I have helped develop several realistic ROMS applications for Bays & Estuaries around the US and one of the things that makes me feel guilty about them is that in each of these applications, although only about 20% of the grid points are wet, ROMS computes the equations on all of the points without any discrimination (wet/dry) and hence expends a significant amount of unncessary effort.
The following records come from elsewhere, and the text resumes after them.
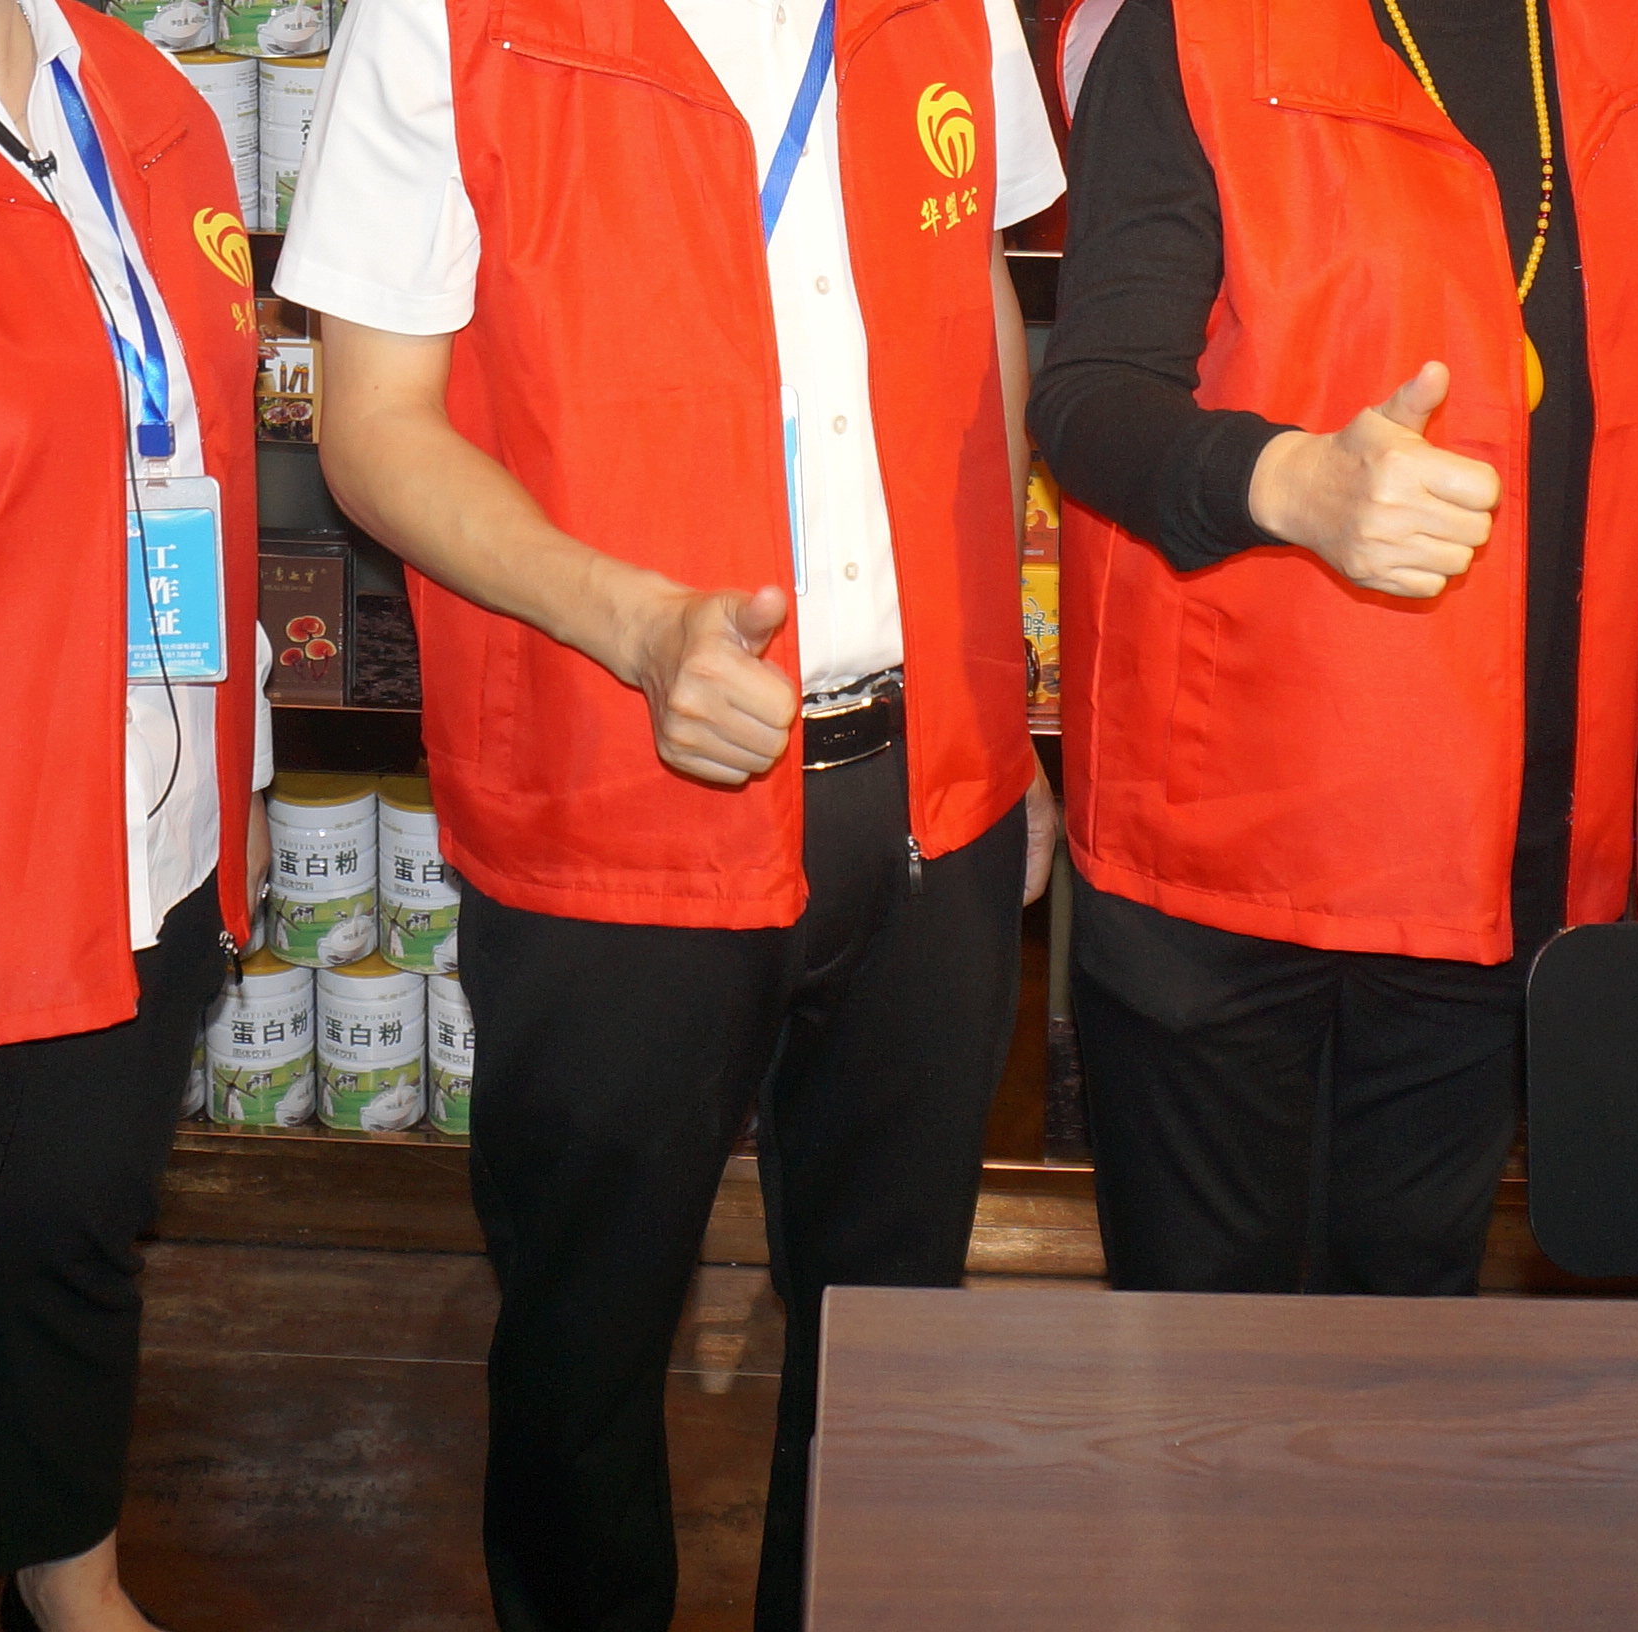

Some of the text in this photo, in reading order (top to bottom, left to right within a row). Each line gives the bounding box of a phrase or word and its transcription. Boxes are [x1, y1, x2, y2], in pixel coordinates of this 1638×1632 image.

[146, 543, 182, 636] 工作证
[278, 848, 359, 879] 蛋白粉
[393, 855, 457, 885] 蛋白
[231, 1011, 308, 1046] 蛋白粉
[325, 1015, 403, 1047] 蛋白粉
If ROMS could be made to compute only on wet points, there are many obvious benefits :
(1) significant computational efficiecy,
(2) affordability of much higher spatial resolution (ie.much larger grids) due to (1),
(3) the ability to compete with unstructure ocean models and,
(4) direct use of the wet-point only grids generated by say the DELFT3D grid generator.
In addition, structured models (orthogonal, curvilinear grids with controlled orthogonality errors - say less than 5-degrees) have better spatial numerical error properties than their equivalent unstructured grid counterparts.
I do realize that getting ROMS to compute on wet-points only will prove to be tricky due to its : (i) need to have 4 boundaries by design, (ii) higher order accurate, upstream-biased advection schemes and (ii) harmonic stress tensor based viscosity/diffusivity formulation both of which require extended numerical stencils. These will no doubt introduce complications.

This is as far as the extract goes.